Weirdly enough, the Roosevelt clan was tailor made for this position. Author Edward J. Renehan, Jr. notes that at least five members of the Roosevelt family served as Assistant Secretary of the Navy: Theodore Roosevelt, Franklin Roosevelt, Theodore Roosevelt Jr., Theodore Douglas Robinson (the son of Corinne Roosevelt), and Henry Latrobe Roosevelt.
These kinds of jobs serve as stepping stones to higher office, and the Roosevelts have always moved up the political food chain with ease, still, it’s odd to see so many of them taking on this role.
William Hutchings, age 100, one of the oldest surviving American Revolutionary War veterans, photographed 1864
Today, the Revolutionary War is only something we know about from books, but even during the 19th century there were survivors of the Union’s fight for freedom roaming the country - albeit in an aged state.
William Hutchings was born in York, Maine when it was still York, Massachusetts in 1764. He enlisted in the military at the age of 15 and fought to defend his state’s coast. What little battle he saw was at the siege of Castine where he was taken prisoner by the British.
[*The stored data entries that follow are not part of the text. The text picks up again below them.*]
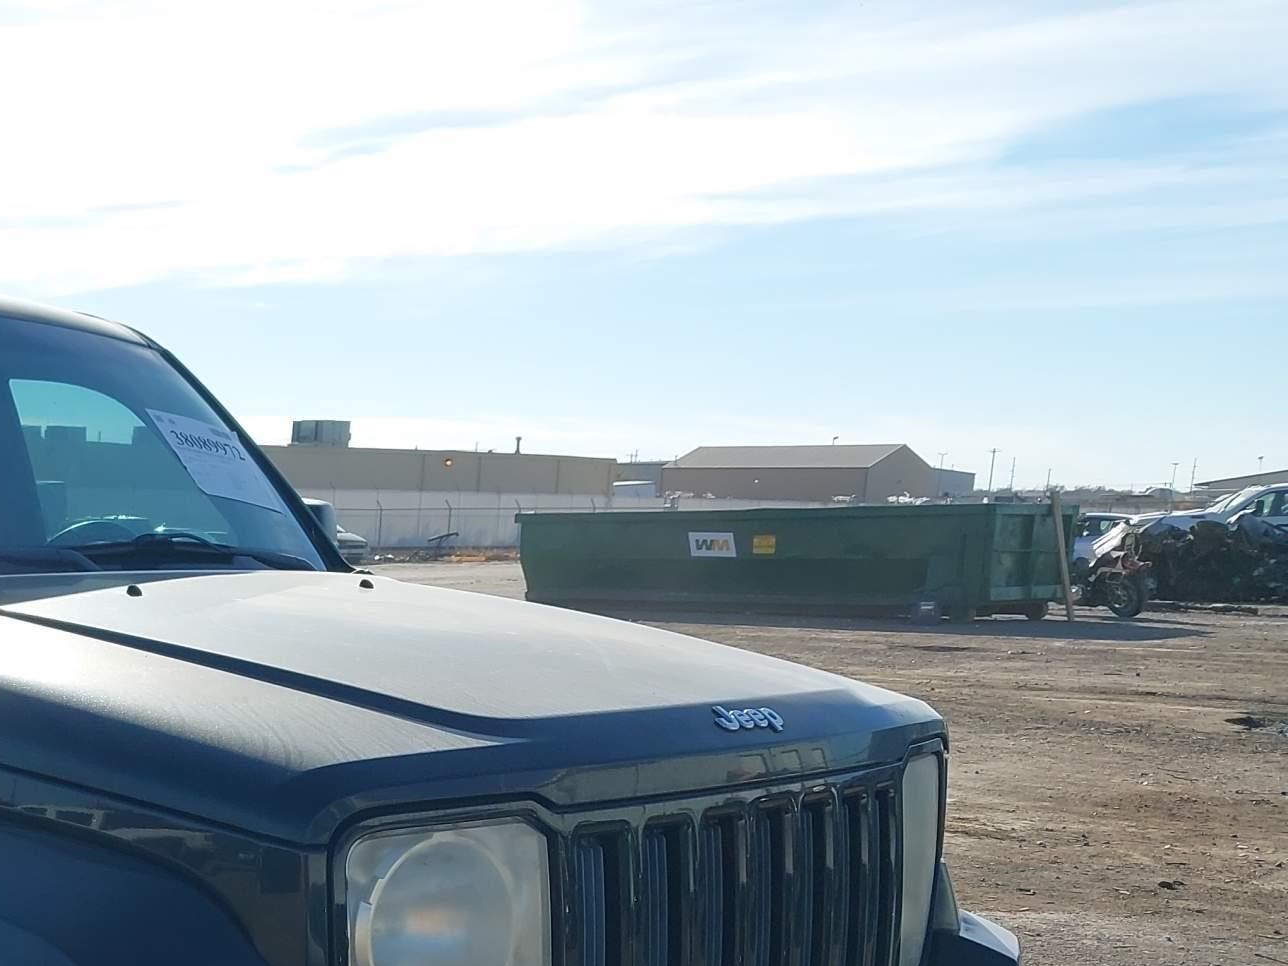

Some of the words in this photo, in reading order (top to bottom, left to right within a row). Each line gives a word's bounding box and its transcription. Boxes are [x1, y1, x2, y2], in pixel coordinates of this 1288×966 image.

[169, 429, 247, 463] 38089972
[694, 538, 731, 552] WM
[712, 705, 785, 732] Jeep
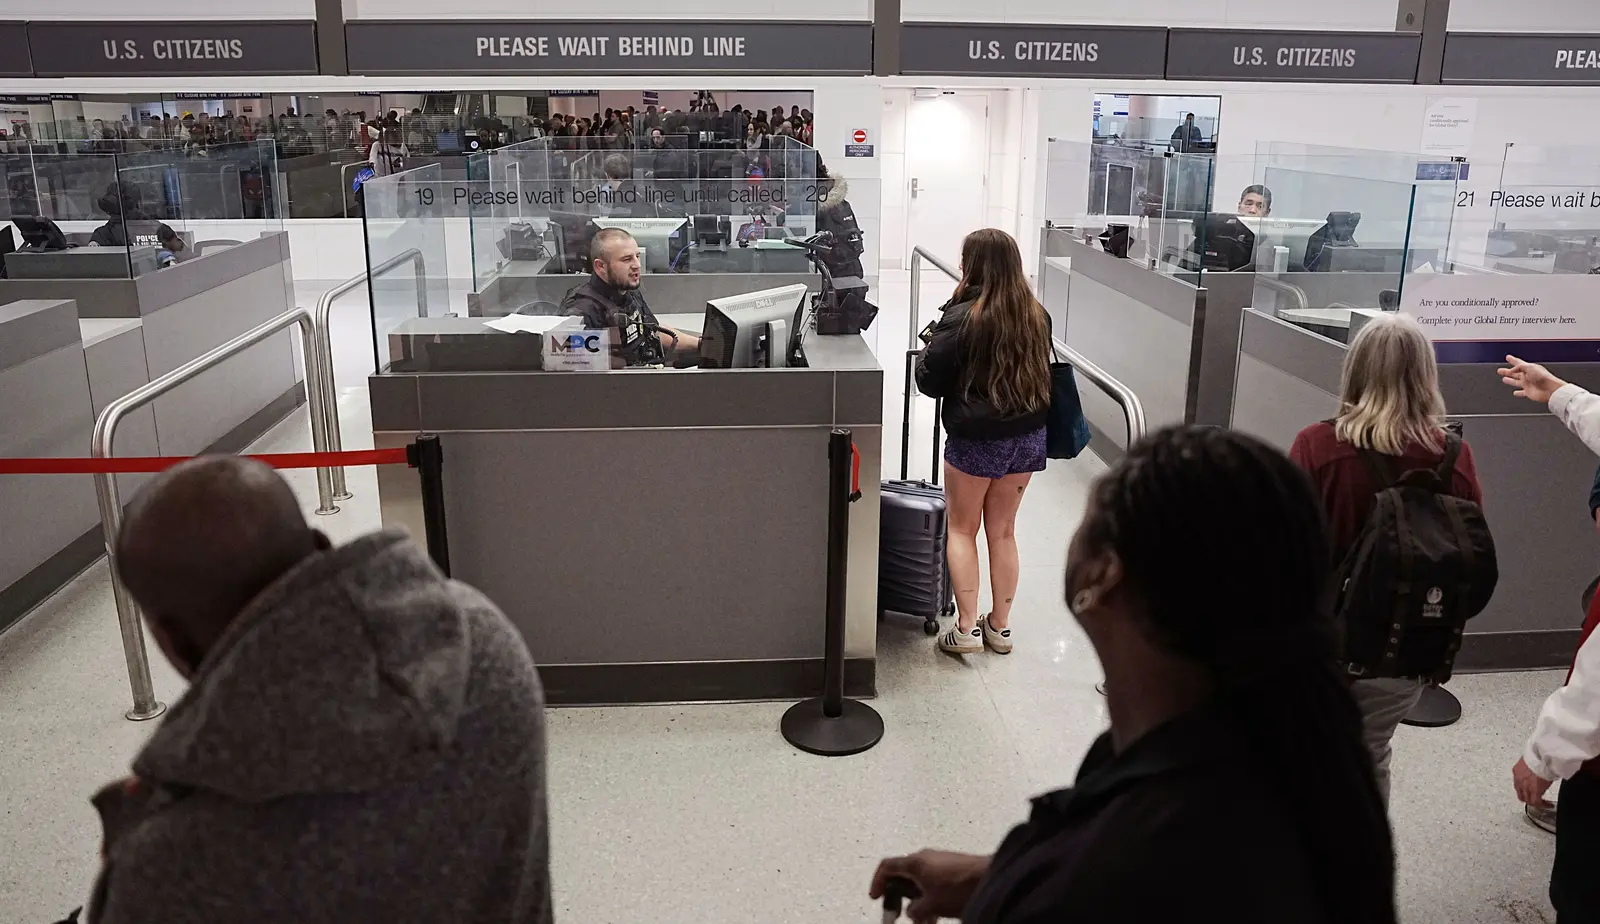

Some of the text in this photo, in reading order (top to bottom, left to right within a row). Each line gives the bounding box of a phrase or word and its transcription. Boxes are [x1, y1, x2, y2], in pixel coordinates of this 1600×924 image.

[103, 39, 243, 60] U.S. CITIZENS
[476, 36, 746, 57] PLEASE WAIT BEHIND LINE
[968, 40, 1099, 62] U.S. CITIZENS
[1233, 46, 1356, 67] U.S. CITIZENS
[414, 185, 828, 206] 19 Please wait behind line until called. 20
[1456, 191, 1475, 207] 21
[1489, 190, 1545, 207] Please
[1551, 191, 1586, 207] wait
[1419, 297, 1539, 309] Are you conditionally approved?
[1417, 315, 1577, 327] Complete your Global Entry interview here.
[551, 335, 600, 353] MPC
Thanks to his youth Hutchings was set free and returned home. Following the end of the war he married and his wife gave birth to 15 children. According to everyone who knew him he loved living near the sea if for no other reason than his love of fresh fish. He lived a throughout fruitful life.
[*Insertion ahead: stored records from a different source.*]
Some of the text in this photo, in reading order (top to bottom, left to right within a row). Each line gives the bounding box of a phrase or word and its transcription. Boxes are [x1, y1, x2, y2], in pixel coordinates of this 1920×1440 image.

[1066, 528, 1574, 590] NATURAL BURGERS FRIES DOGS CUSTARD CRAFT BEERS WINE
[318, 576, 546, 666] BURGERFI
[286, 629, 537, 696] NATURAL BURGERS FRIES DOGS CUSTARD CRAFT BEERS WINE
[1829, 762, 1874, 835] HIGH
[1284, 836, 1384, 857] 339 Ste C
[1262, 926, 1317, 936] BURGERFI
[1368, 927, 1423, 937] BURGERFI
James Dean, November 23, 1954. Photograph by Maurice Terrel,
Even though he only appeared in a handful of movies in his too short career, everyone knows and loves James Dean. Whether it was hound dog face in Giant that won you over, or his screen splitting role in Rebel Without a Cause, something he did touched you, it grabbed you by the soul and never let go.
Dean is still the actor that we judge most of our screen stars against. He’s effortlessly cool, and his tousled hair has long been the kind of thing that young men try to emulate while pretending that they haven’t spent days working on their look.
He may have passed away in 1955, but his legend continues. We can always watch Dean and be transported back to a time when cool was cool and there were no bones about it.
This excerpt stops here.